— HOW TO COMPLETE THIS TASK —
The task requires restating, word for word, the lines of the entries below from the one containing "Some of the text" through the final one, both included.

— Collected data —

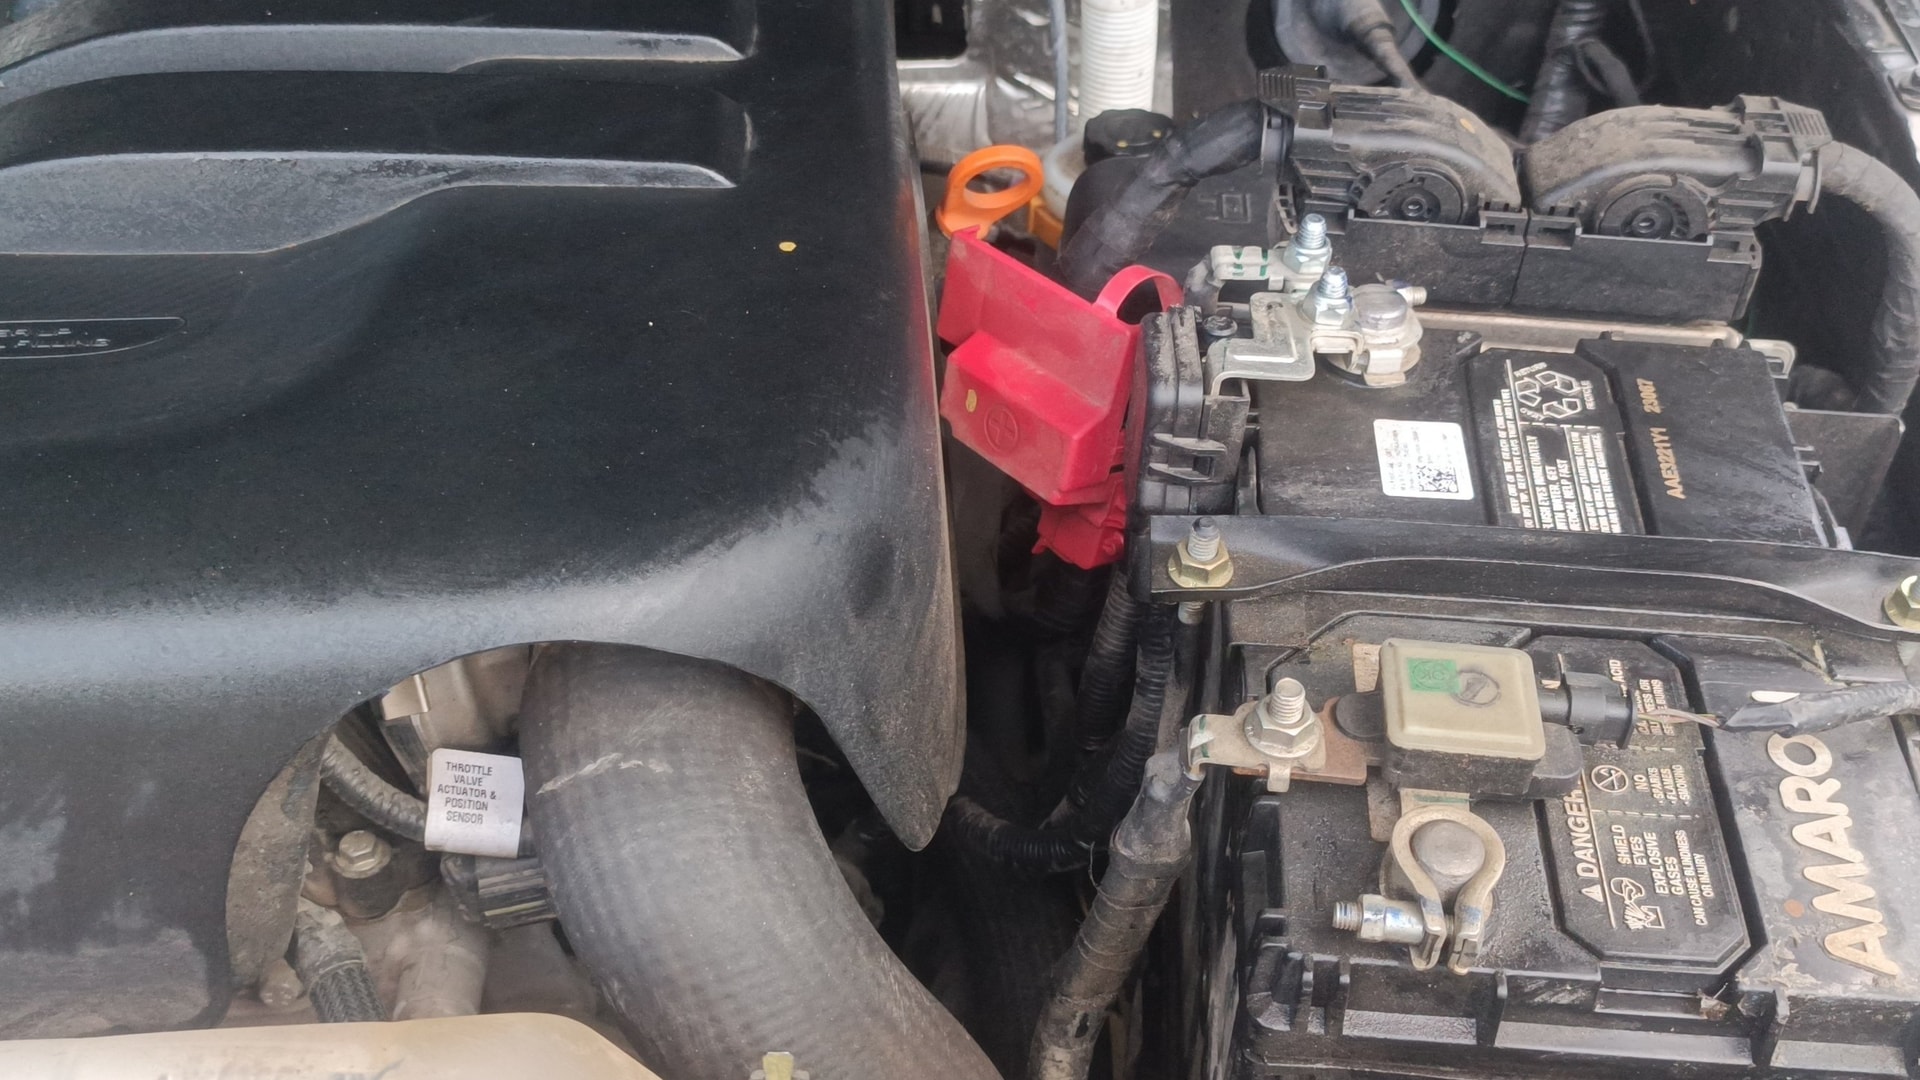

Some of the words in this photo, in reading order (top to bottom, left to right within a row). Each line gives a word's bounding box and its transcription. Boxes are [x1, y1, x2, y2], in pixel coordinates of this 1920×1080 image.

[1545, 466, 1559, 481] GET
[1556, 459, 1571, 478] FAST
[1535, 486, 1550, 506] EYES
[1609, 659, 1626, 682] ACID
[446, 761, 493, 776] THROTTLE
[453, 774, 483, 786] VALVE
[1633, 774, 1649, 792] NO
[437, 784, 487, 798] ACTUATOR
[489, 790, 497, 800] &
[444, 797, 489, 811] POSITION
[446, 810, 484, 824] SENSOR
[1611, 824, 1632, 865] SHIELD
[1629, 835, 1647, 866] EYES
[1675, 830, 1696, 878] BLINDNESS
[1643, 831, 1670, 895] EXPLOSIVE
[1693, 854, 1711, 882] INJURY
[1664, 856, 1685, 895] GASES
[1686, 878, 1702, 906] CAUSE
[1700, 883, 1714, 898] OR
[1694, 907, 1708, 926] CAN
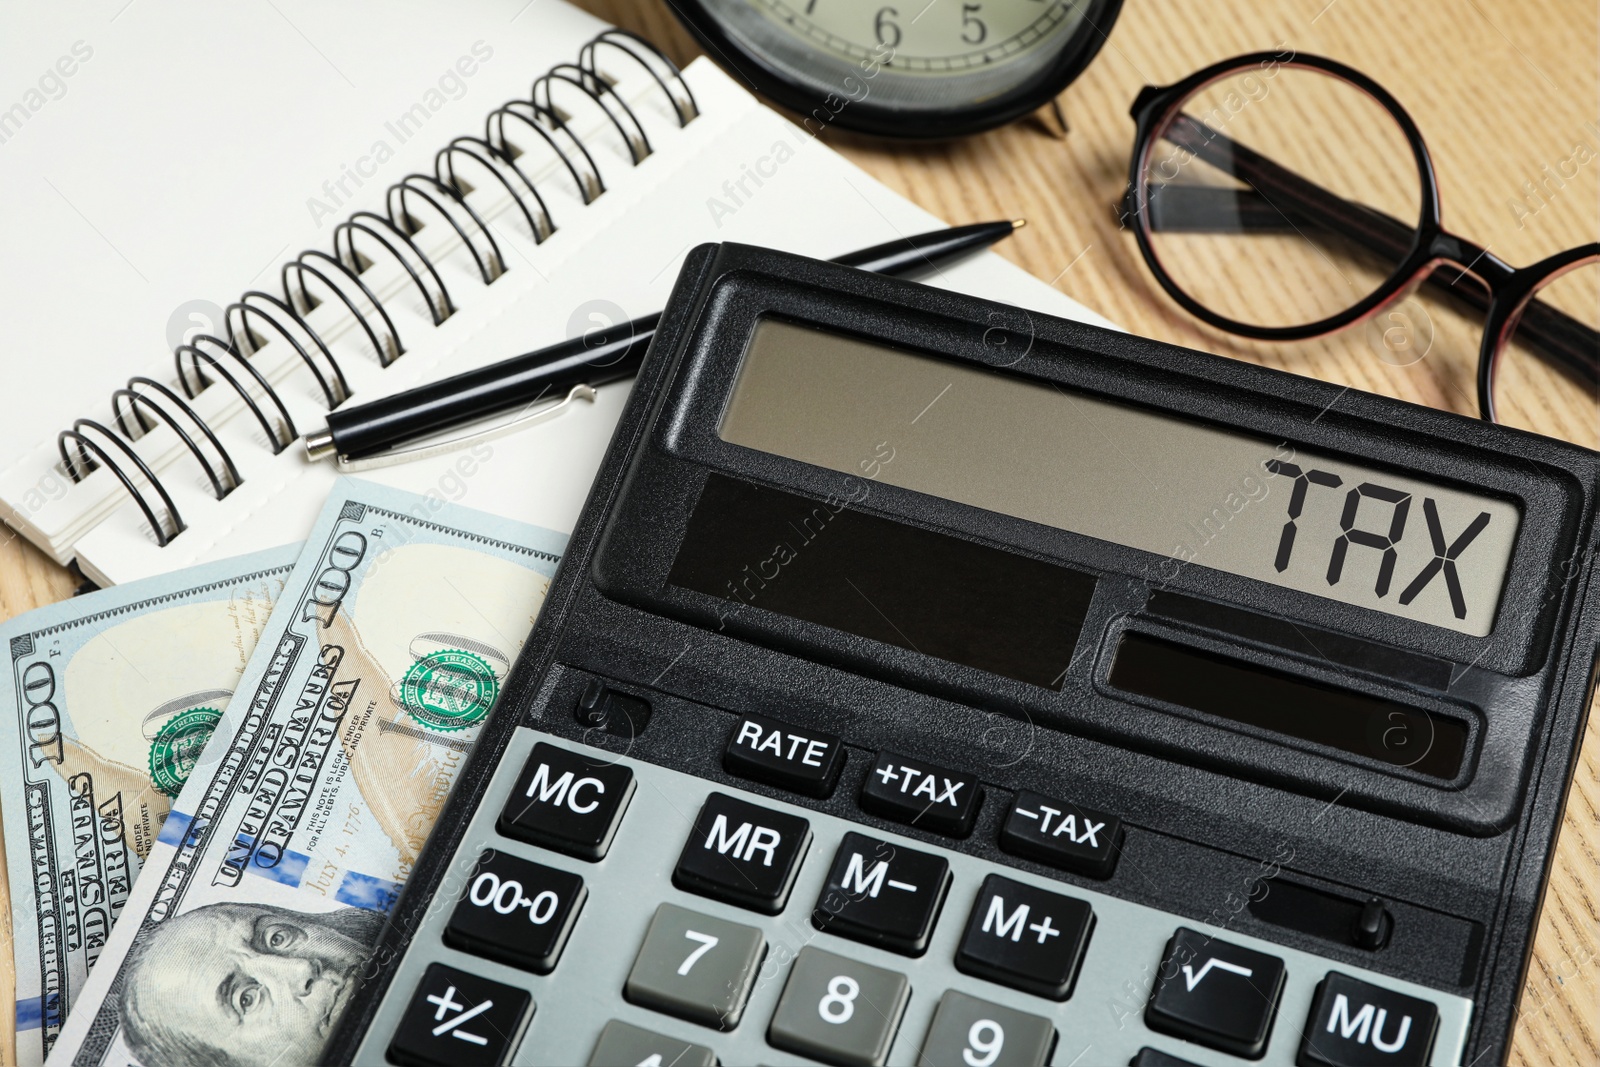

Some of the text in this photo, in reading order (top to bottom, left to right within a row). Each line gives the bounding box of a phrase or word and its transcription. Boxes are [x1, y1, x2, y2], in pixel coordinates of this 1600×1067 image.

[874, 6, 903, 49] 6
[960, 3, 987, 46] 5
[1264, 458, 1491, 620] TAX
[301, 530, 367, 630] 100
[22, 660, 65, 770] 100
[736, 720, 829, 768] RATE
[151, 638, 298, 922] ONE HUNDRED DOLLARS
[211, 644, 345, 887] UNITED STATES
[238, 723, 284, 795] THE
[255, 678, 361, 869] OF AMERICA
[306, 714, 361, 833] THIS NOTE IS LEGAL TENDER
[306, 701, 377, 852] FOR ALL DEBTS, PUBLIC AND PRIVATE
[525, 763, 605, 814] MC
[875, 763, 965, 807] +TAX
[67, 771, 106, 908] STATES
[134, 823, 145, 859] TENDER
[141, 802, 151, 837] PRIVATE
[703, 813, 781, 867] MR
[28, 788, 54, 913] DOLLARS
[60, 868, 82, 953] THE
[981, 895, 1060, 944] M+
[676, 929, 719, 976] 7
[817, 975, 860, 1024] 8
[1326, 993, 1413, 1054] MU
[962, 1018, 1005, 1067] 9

— RESPONSE —
Some of the text in this photo, in reading order (top to bottom, left to right within a row). Each line gives the bounding box of a phrase or word and its transcription. Boxes are [x1, y1, x2, y2], in pixel coordinates of this 1600×1067 image.

[874, 6, 903, 49] 6
[960, 3, 987, 46] 5
[1264, 458, 1491, 620] TAX
[301, 530, 367, 630] 100
[22, 660, 65, 770] 100
[736, 720, 829, 768] RATE
[151, 638, 298, 922] ONE HUNDRED DOLLARS
[211, 644, 345, 887] UNITED STATES
[238, 723, 284, 795] THE
[255, 678, 361, 869] OF AMERICA
[306, 714, 361, 833] THIS NOTE IS LEGAL TENDER
[306, 701, 377, 852] FOR ALL DEBTS, PUBLIC AND PRIVATE
[525, 763, 605, 814] MC
[875, 763, 965, 807] +TAX
[67, 771, 106, 908] STATES
[134, 823, 145, 859] TENDER
[141, 802, 151, 837] PRIVATE
[703, 813, 781, 867] MR
[28, 788, 54, 913] DOLLARS
[60, 868, 82, 953] THE
[981, 895, 1060, 944] M+
[676, 929, 719, 976] 7
[817, 975, 860, 1024] 8
[1326, 993, 1413, 1054] MU
[962, 1018, 1005, 1067] 9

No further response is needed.